Objetos localmente efectivos y tipos abstractos de datos

Abstract

There are a lot of techniques that allow to tackle the problem of verifying whether a program runs correctly, that is, in the way intended by the user. This doctoral thesis represents a contribution to the analysis of the data types handled by programs. Particularly, we focused on the modelling of data structures in a Symbolic Computation system called EAT (Effective Algebraic Topology) designed by Rubio and Sergeraert. EAT is a Common Lisp system devoted to Algebraic Topology and a tool for the mechanized computation of homology groups of infinite topological spaces (namely, iterated loop spaces). In order to perform a formal analysis of the EAT data structures, an operation on Abstract Data Types is defined. This operation (defined within the classical Algebraic Specification framework) is inspired by the EAT way of working with complex mathematical structures.
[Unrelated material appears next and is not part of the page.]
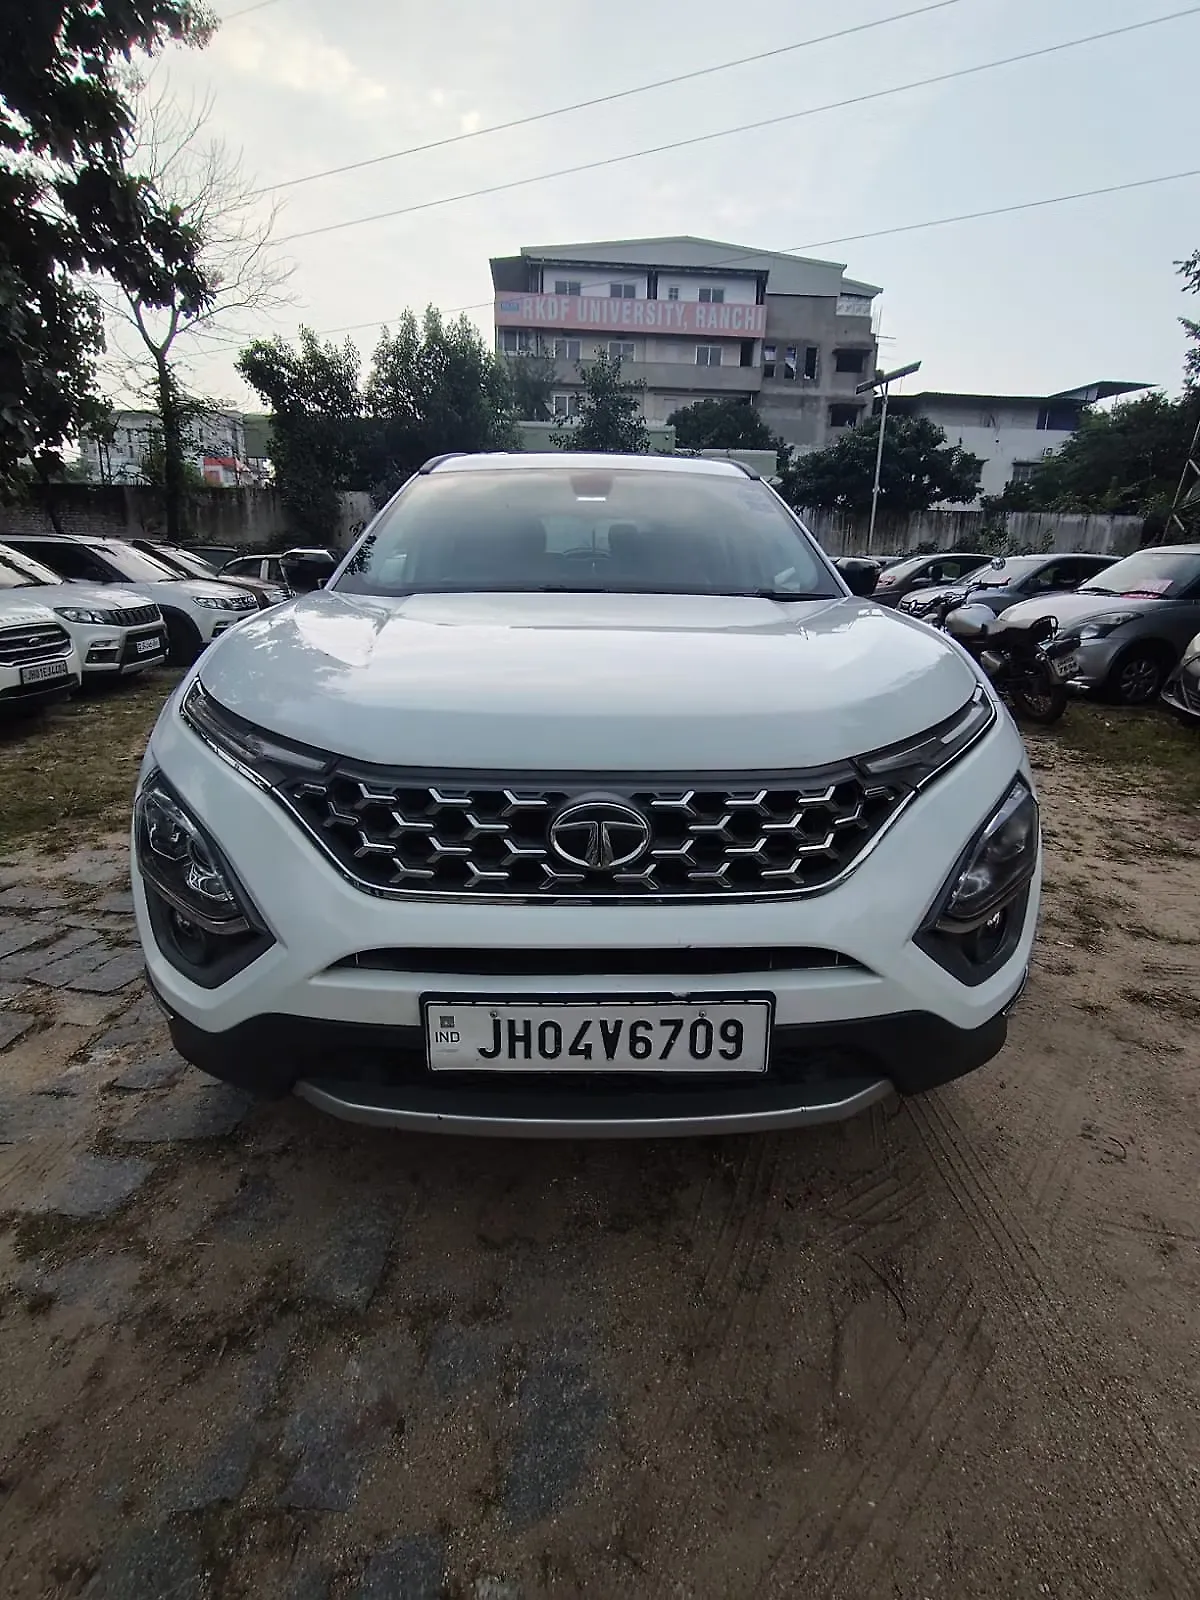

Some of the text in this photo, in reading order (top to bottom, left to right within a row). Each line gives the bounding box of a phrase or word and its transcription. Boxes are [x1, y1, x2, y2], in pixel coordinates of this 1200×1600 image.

[522, 297, 763, 331] RKDF UNIVERSITY, RANCHI
[435, 1031, 460, 1043] IND
[478, 1018, 744, 1061] JH04V6709
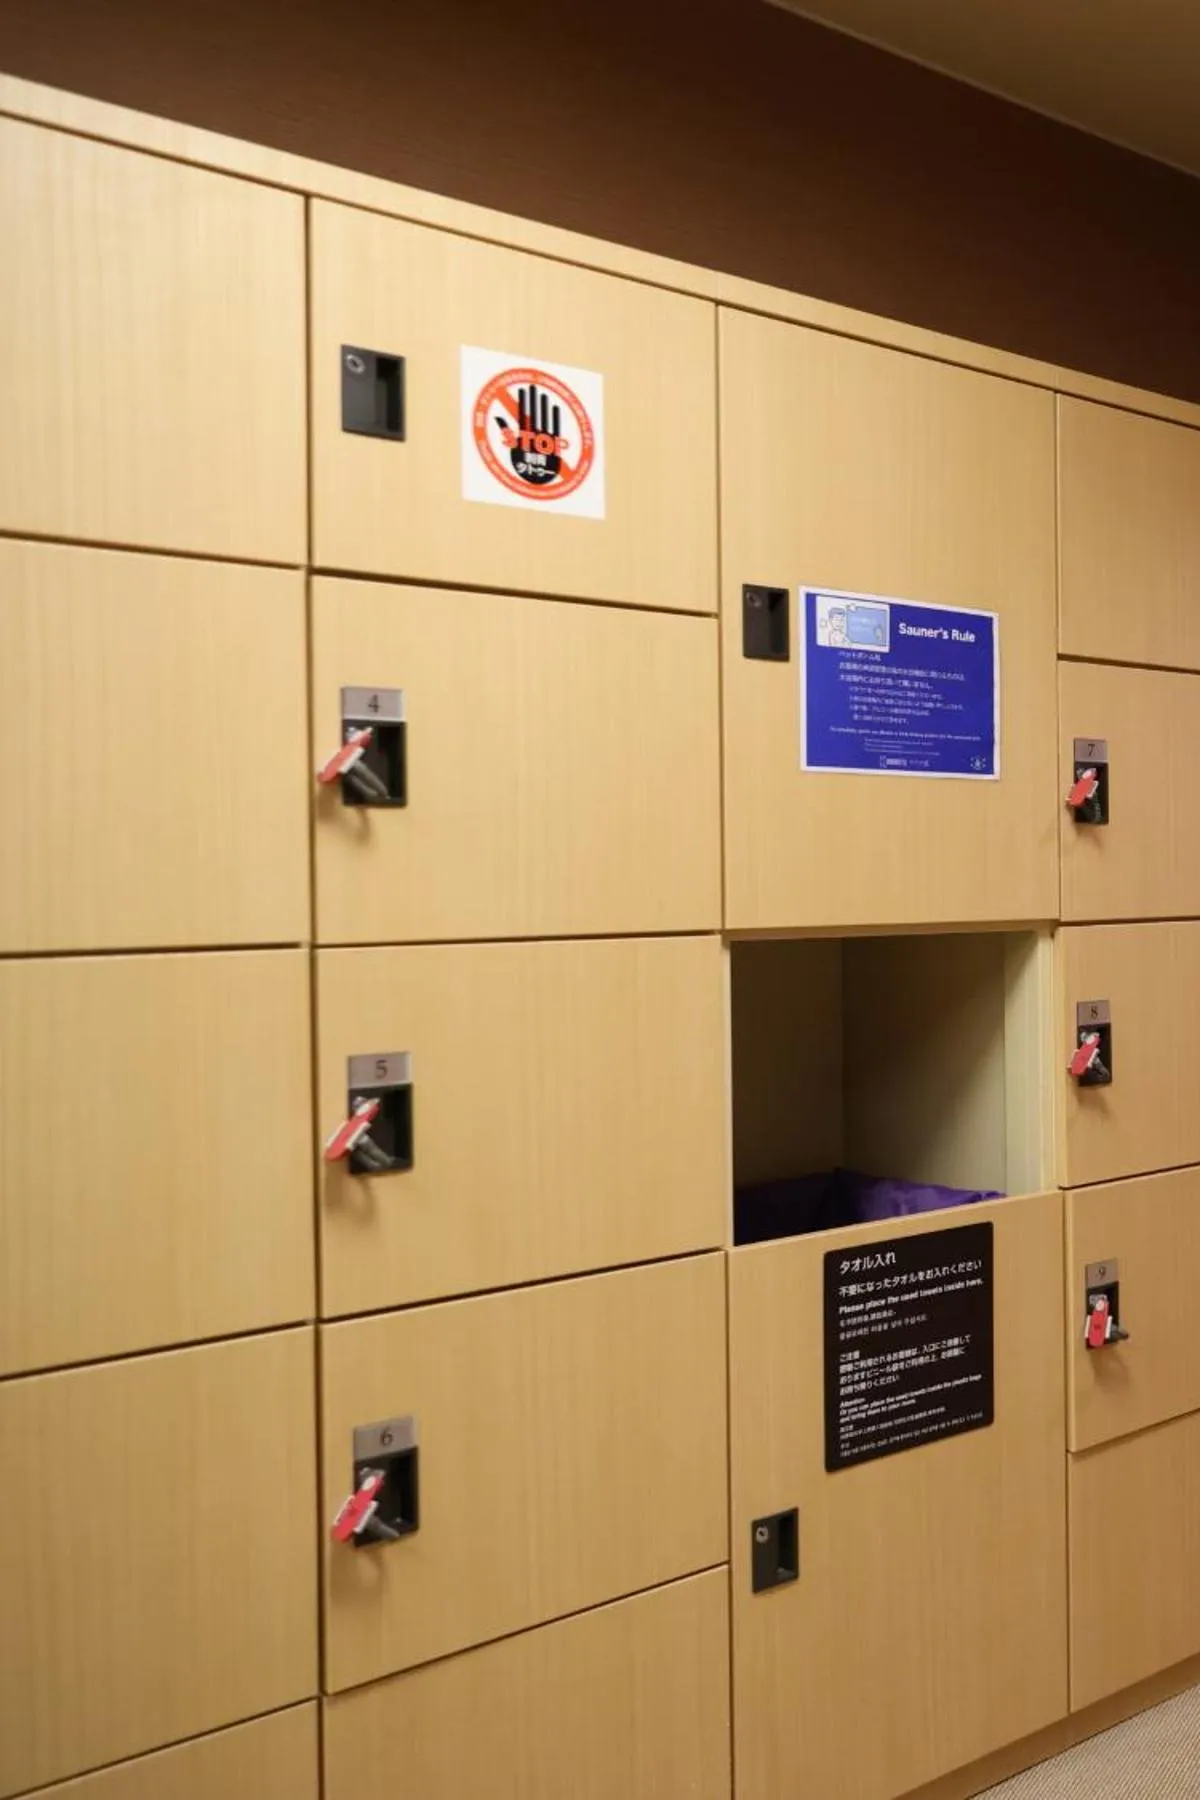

Looking for a connection with the current mainstream topics in the field of Algebraic Specification, we found that our approach was closely related to some object-oriented formalisms, namely, hidden specifications and the coalgebraic view. These relations made explicit the implicit object-oriented features of the EAT system. This was unexpected since the crux in EAT is the role of the functional programming. The main tool used is a syntactic operation between signatures, denoted ()imp, which is extended to Abstract Data Types and intends to capture the EAT way of working. This operation constructs from an abstract data type T a new abstract data type, Timp, which should be considered as the abstract data type of the implementations of T. We established an implementation framework in which we proved that the EAT data structures used are implementations of Timp abstract data types. Moreover, we obtained mathematical results that characterize the EAT data structures as coproducts and final objects in certain categories of implementations. These results allow us to claim that the EAT way of implementation has appropriate properties. The characterization of the EAT data structures obtained includes those coding algebraic structures of finite nature, called Effective Objects, as well as those coding information of infinite nature, called Locally Effective Objects.